### [TRY IT]
What you return must match the records exactly, except that the pictures are gone.

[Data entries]
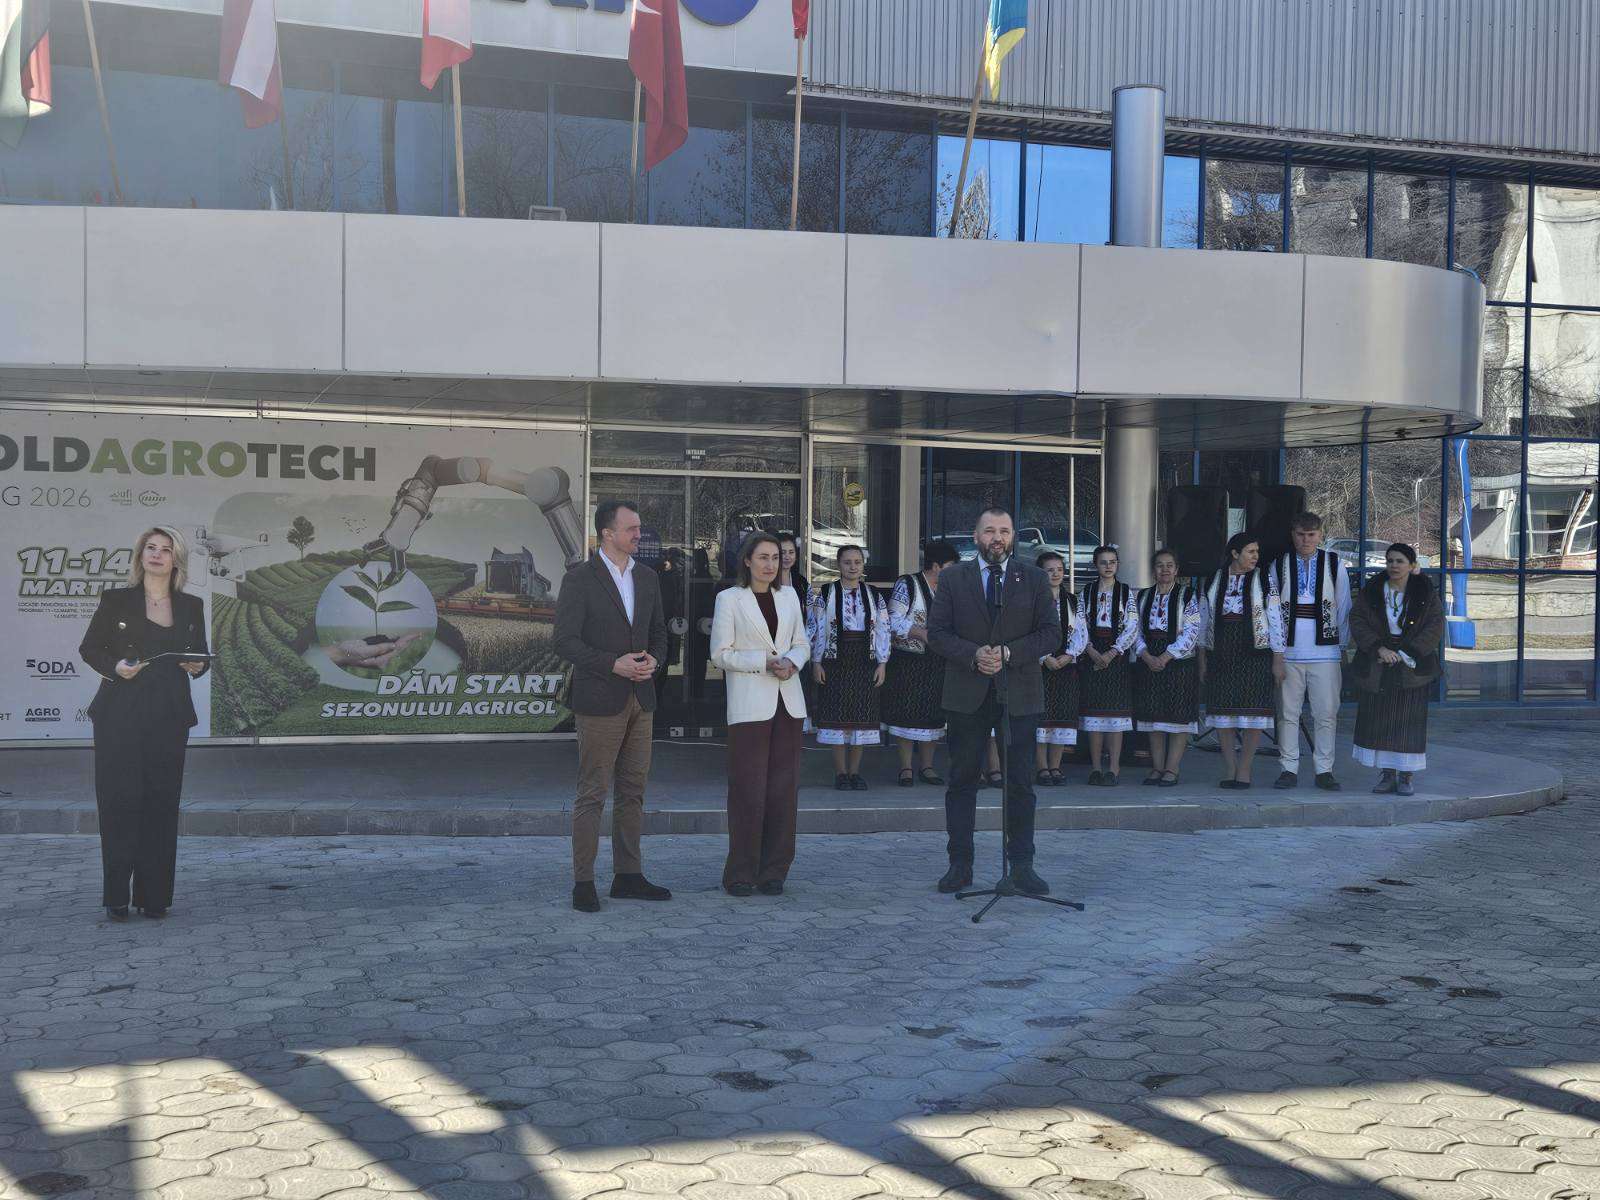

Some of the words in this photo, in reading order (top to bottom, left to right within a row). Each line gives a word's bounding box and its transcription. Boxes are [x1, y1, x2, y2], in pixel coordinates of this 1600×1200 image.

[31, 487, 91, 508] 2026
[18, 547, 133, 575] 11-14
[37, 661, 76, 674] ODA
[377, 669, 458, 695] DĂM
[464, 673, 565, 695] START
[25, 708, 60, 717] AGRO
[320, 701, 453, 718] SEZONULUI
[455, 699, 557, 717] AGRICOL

### [ANSWER SPACE]
Some of the words in this photo, in reading order (top to bottom, left to right within a row). Each line gives a word's bounding box and its transcription. Boxes are [x1, y1, x2, y2], in pixel coordinates of this 1600×1200 image.

[31, 487, 91, 508] 2026
[18, 547, 133, 575] 11-14
[37, 661, 76, 674] ODA
[377, 669, 458, 695] DĂM
[464, 673, 565, 695] START
[25, 708, 60, 717] AGRO
[320, 701, 453, 718] SEZONULUI
[455, 699, 557, 717] AGRICOL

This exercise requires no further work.